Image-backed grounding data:
----

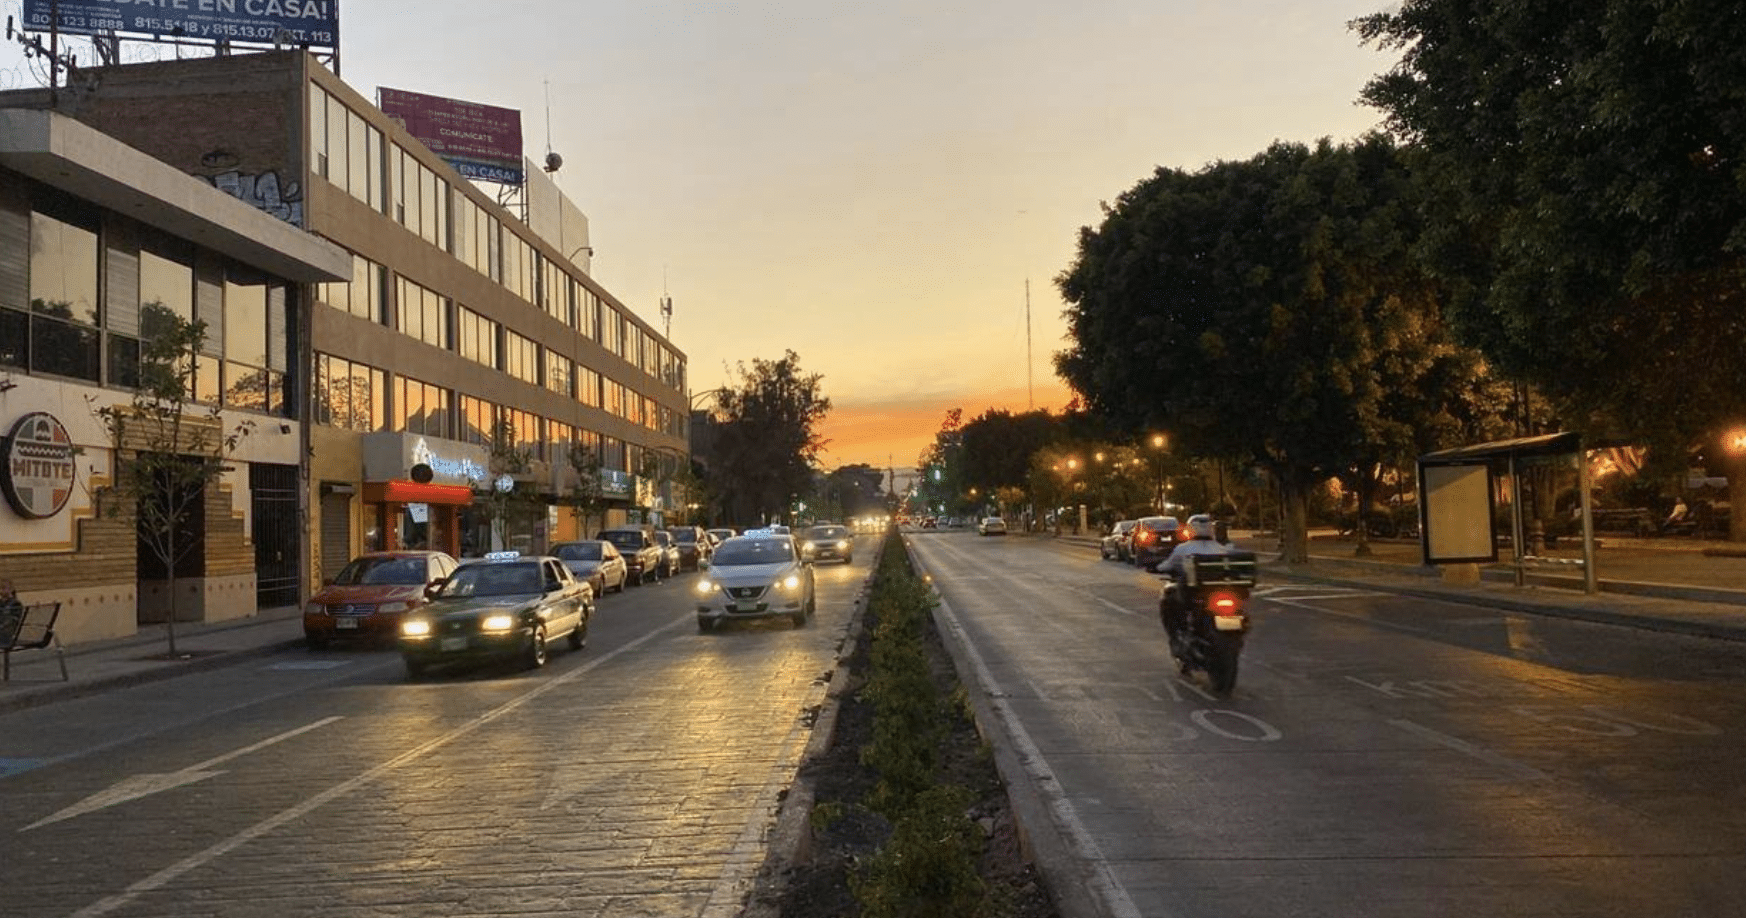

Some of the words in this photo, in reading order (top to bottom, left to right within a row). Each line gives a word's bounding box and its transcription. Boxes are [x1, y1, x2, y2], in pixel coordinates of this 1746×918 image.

[244, 0, 327, 20] CASA!
[64, 16, 86, 26] 123
[90, 18, 125, 30] 8888
[201, 24, 211, 36] y
[213, 23, 276, 39] 815.13.07
[311, 30, 332, 42] 113
[460, 165, 477, 175] EN
[480, 167, 515, 181] CASA!
[13, 458, 71, 479] MITOTE
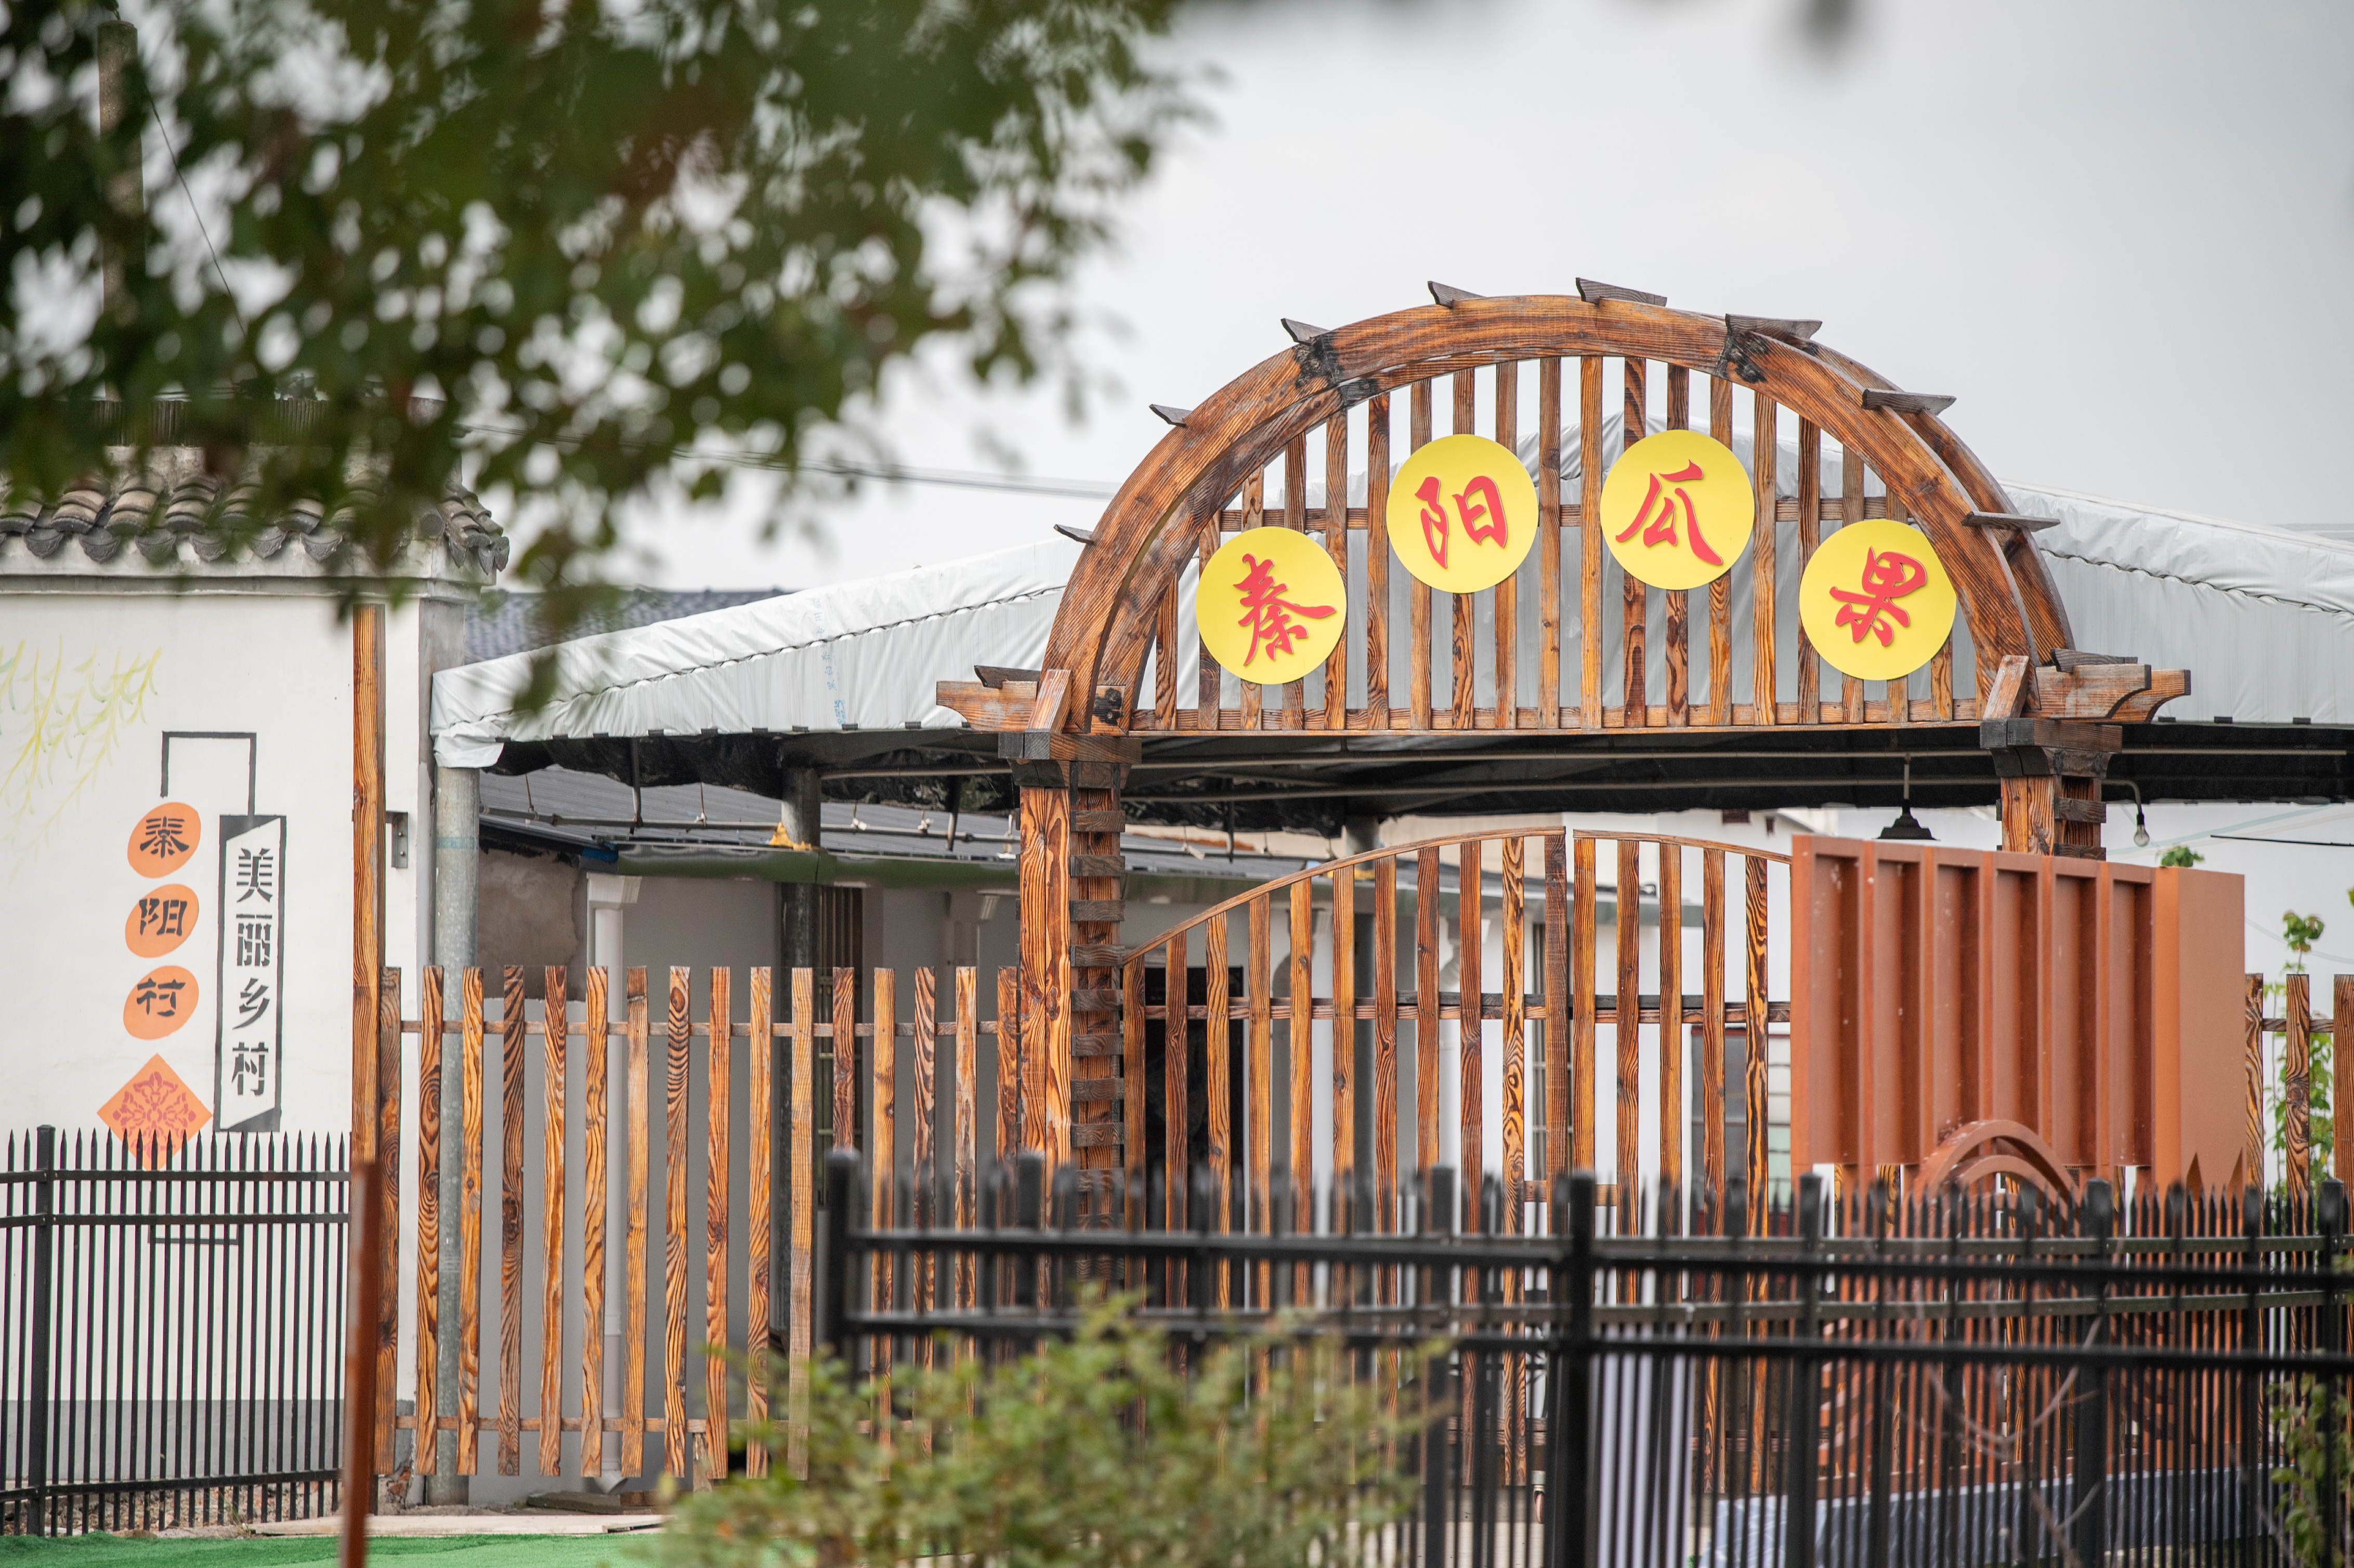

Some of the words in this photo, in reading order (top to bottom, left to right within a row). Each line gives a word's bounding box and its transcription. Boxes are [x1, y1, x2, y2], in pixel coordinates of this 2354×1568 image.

[1233, 460, 1926, 666] 秦阳瓜果
[232, 848, 273, 1095] 美丽乡村

----

• [Problem requirements]:
Each record should appear again exactly as it stands, with no picture included.

• [Answer for this exercise]:
Some of the words in this photo, in reading order (top to bottom, left to right within a row). Each line gives a word's bounding box and its transcription. Boxes are [x1, y1, x2, y2], in pixel coordinates of this 1746×918 image.

[244, 0, 327, 20] CASA!
[64, 16, 86, 26] 123
[90, 18, 125, 30] 8888
[201, 24, 211, 36] y
[213, 23, 276, 39] 815.13.07
[311, 30, 332, 42] 113
[460, 165, 477, 175] EN
[480, 167, 515, 181] CASA!
[13, 458, 71, 479] MITOTE

Some of the words in this photo, in reading order (top to bottom, left to right within a row). Each line gives a word's bounding box and its transcription. Boxes are [x1, y1, x2, y2], in pixel coordinates of this 2354×1568 image.

[1233, 460, 1926, 666] 秦阳瓜果
[232, 848, 273, 1095] 美丽乡村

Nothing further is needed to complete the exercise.